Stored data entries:
=== Section Start ===

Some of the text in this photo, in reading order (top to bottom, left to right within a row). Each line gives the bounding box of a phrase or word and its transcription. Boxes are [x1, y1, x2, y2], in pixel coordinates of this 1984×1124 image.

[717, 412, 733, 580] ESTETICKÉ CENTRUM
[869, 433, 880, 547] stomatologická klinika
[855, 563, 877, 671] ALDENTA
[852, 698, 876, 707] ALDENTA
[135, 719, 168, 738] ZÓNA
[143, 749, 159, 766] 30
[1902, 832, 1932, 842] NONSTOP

=== Section End ===
=== Section Start ===

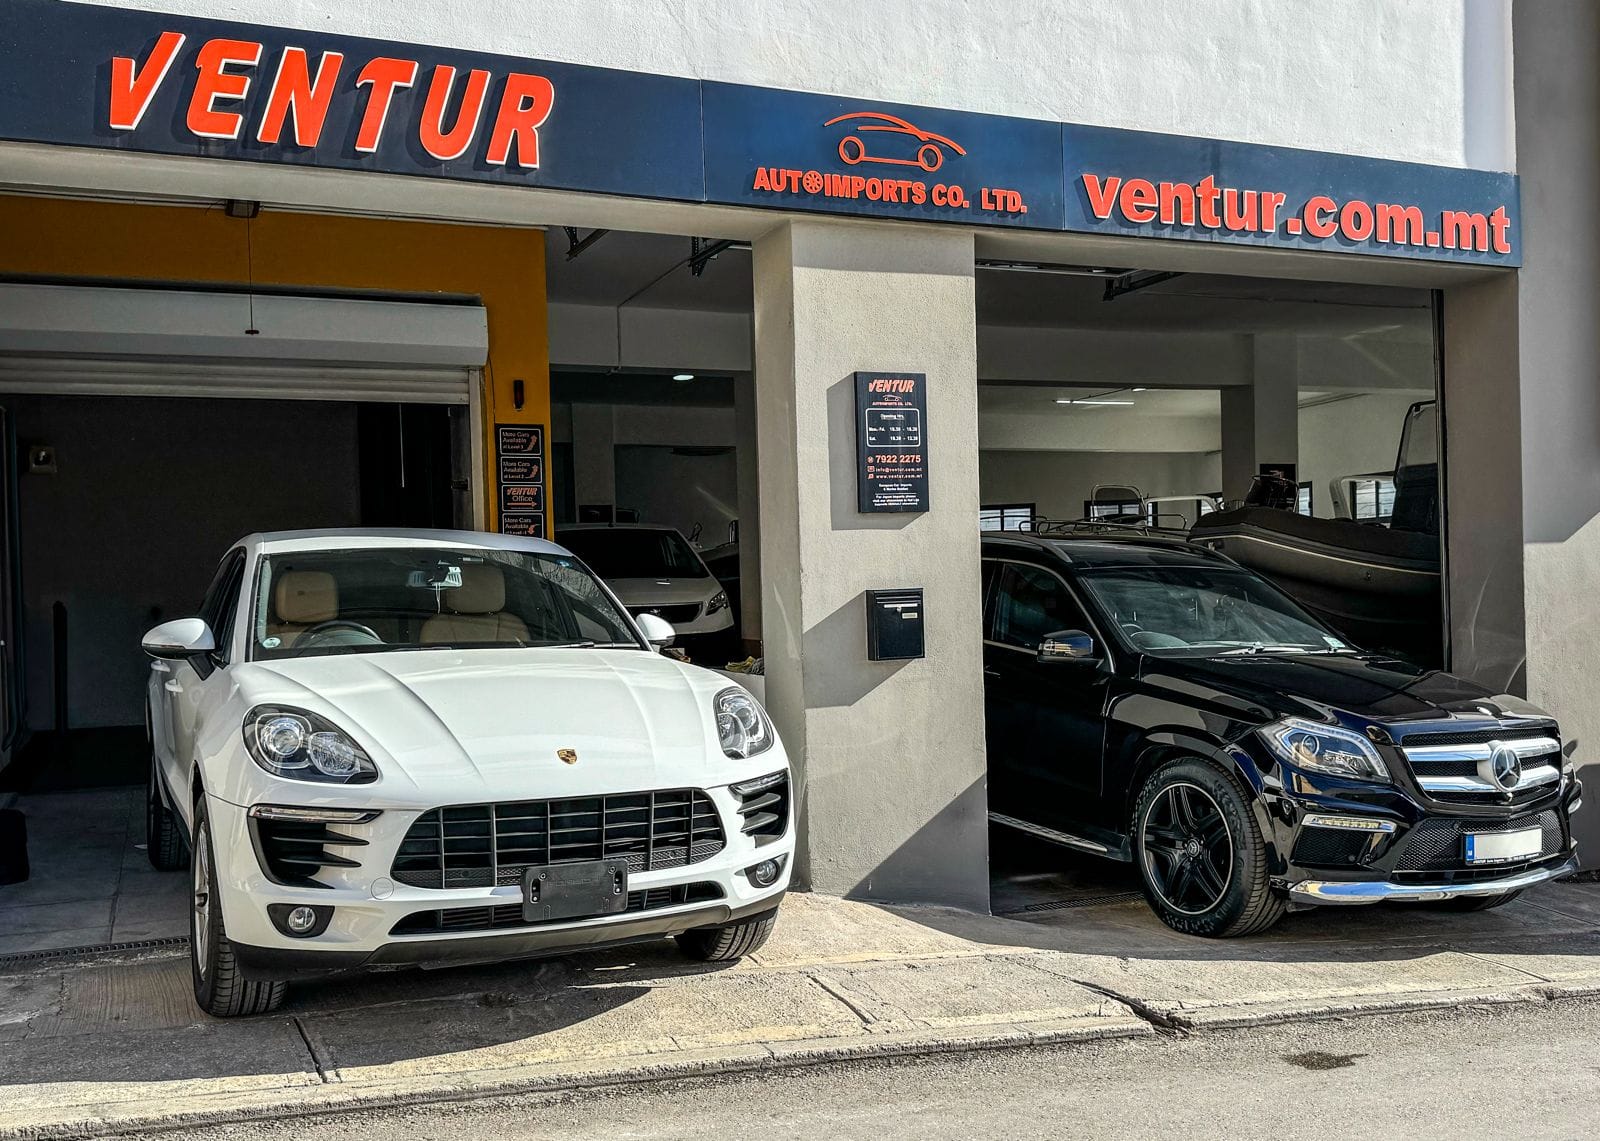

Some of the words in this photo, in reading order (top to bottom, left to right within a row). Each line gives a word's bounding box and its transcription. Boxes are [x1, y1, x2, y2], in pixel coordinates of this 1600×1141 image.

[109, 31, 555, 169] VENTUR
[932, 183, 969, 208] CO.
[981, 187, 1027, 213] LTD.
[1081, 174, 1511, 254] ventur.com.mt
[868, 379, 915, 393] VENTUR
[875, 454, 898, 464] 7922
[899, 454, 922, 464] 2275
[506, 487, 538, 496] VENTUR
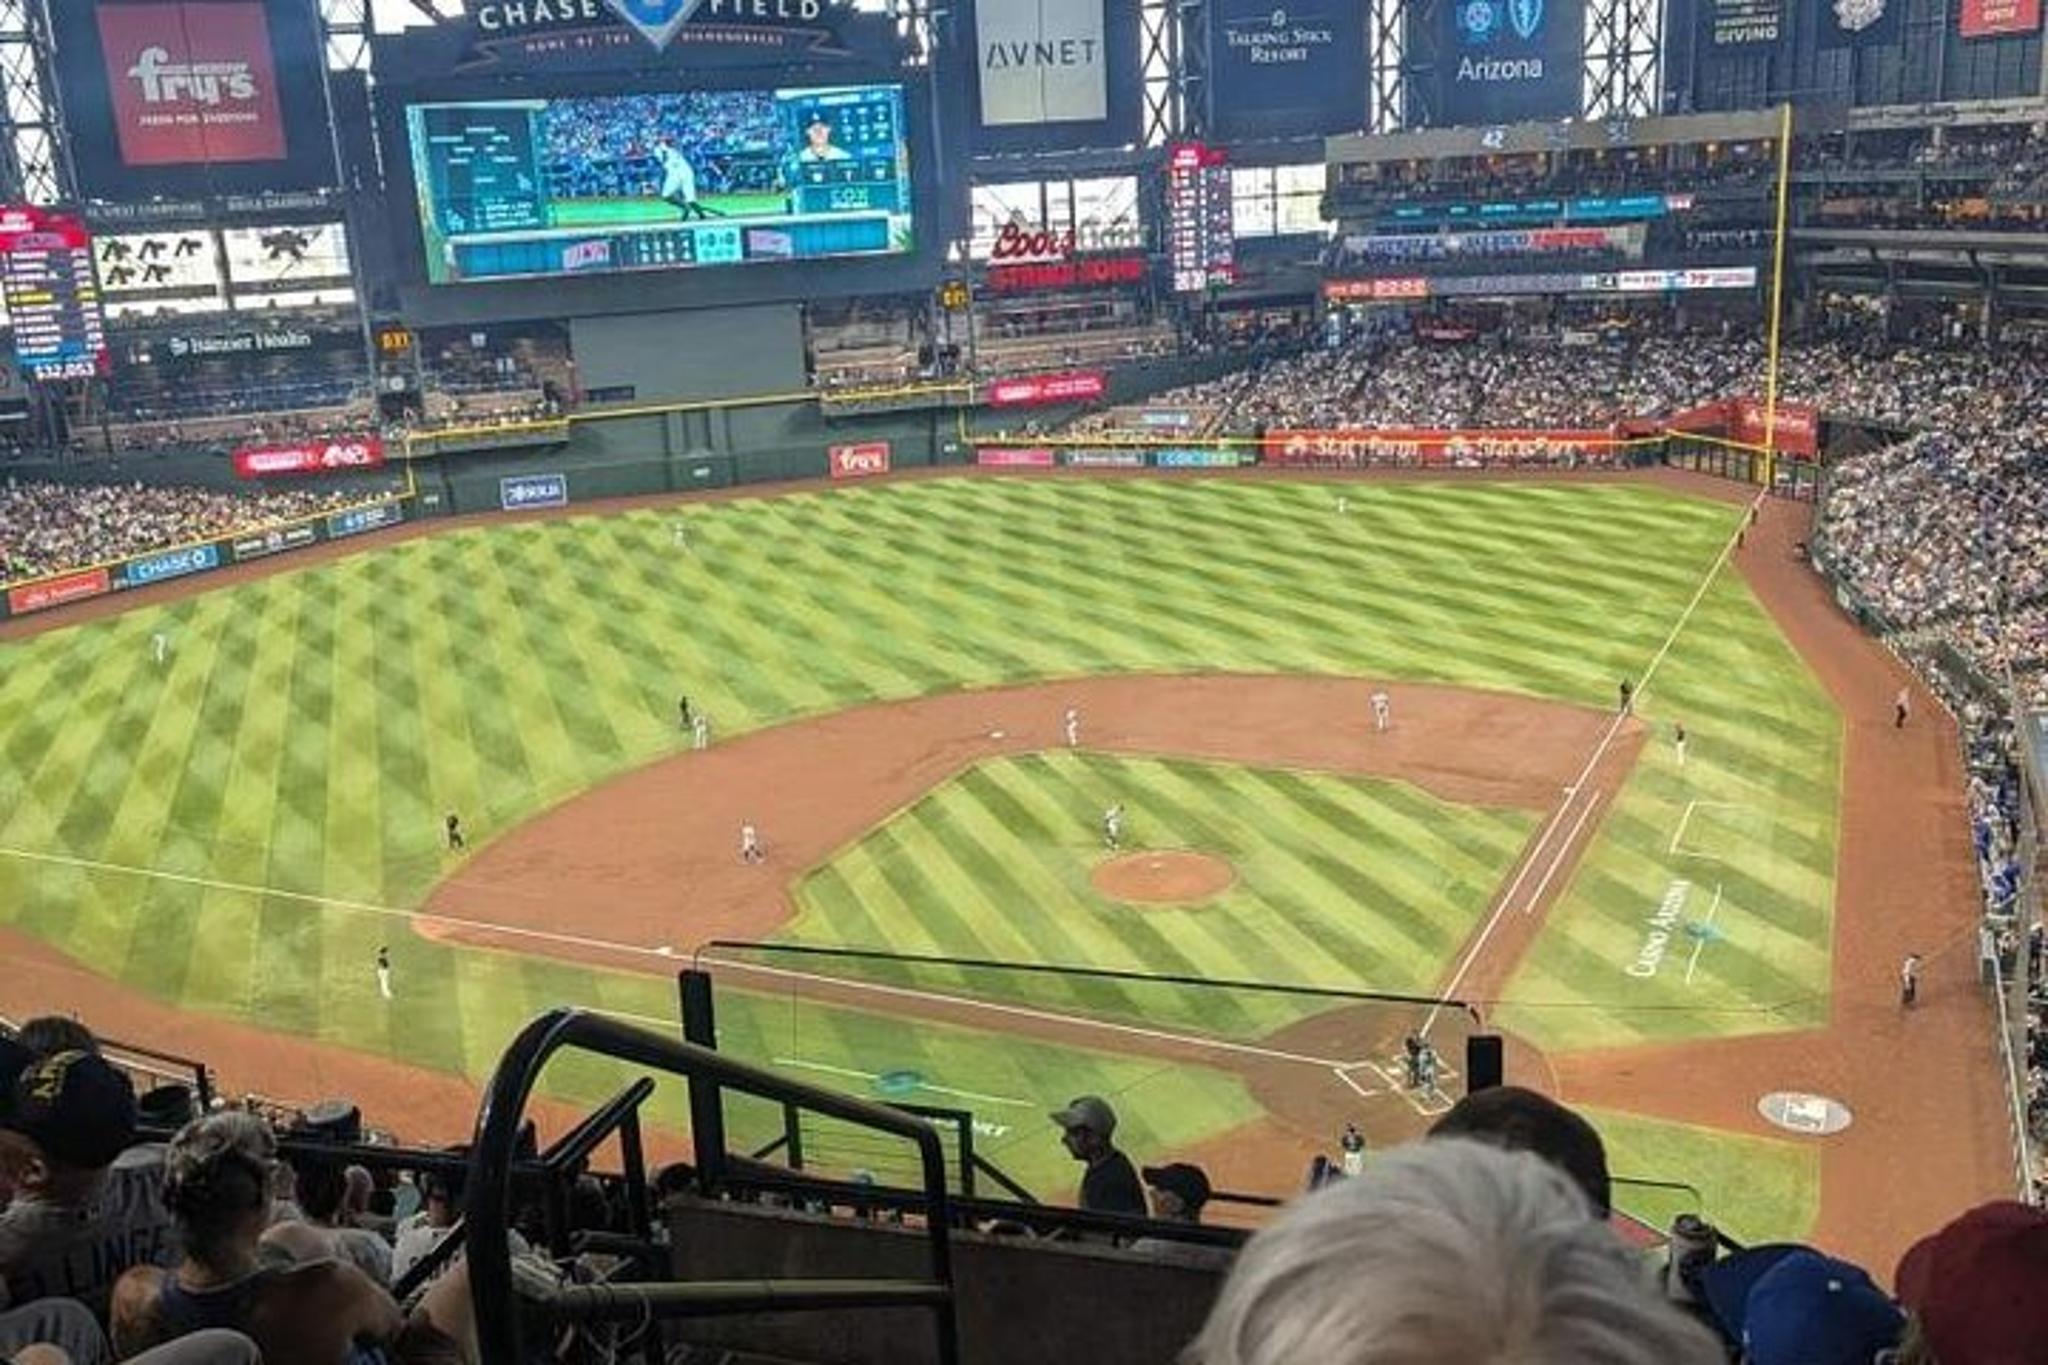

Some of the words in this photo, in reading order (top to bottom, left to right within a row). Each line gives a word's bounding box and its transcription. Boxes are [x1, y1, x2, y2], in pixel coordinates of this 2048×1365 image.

=== Section End ===

PROMPT
Repeat exactly the lines above, beginning at the one containing "this 1600×1141 image." and ending at the one containing "this 2048×1365 image.". Do not carry over any pictures.

EXERCISE OUTPUT
Some of the words in this photo, in reading order (top to bottom, left to right within a row). Each line gives a word's bounding box and its transcription. Boxes are [x1, y1, x2, y2], in pixel coordinates of this 1600×1141 image.

[109, 31, 555, 169] VENTUR
[932, 183, 969, 208] CO.
[981, 187, 1027, 213] LTD.
[1081, 174, 1511, 254] ventur.com.mt
[868, 379, 915, 393] VENTUR
[875, 454, 898, 464] 7922
[899, 454, 922, 464] 2275
[506, 487, 538, 496] VENTUR

Some of the words in this photo, in reading order (top to bottom, left to right within a row). Each line gives a word's bounding box and its transcription. Boxes are [x1, y1, x2, y2], in pixel coordinates of this 2048×1365 image.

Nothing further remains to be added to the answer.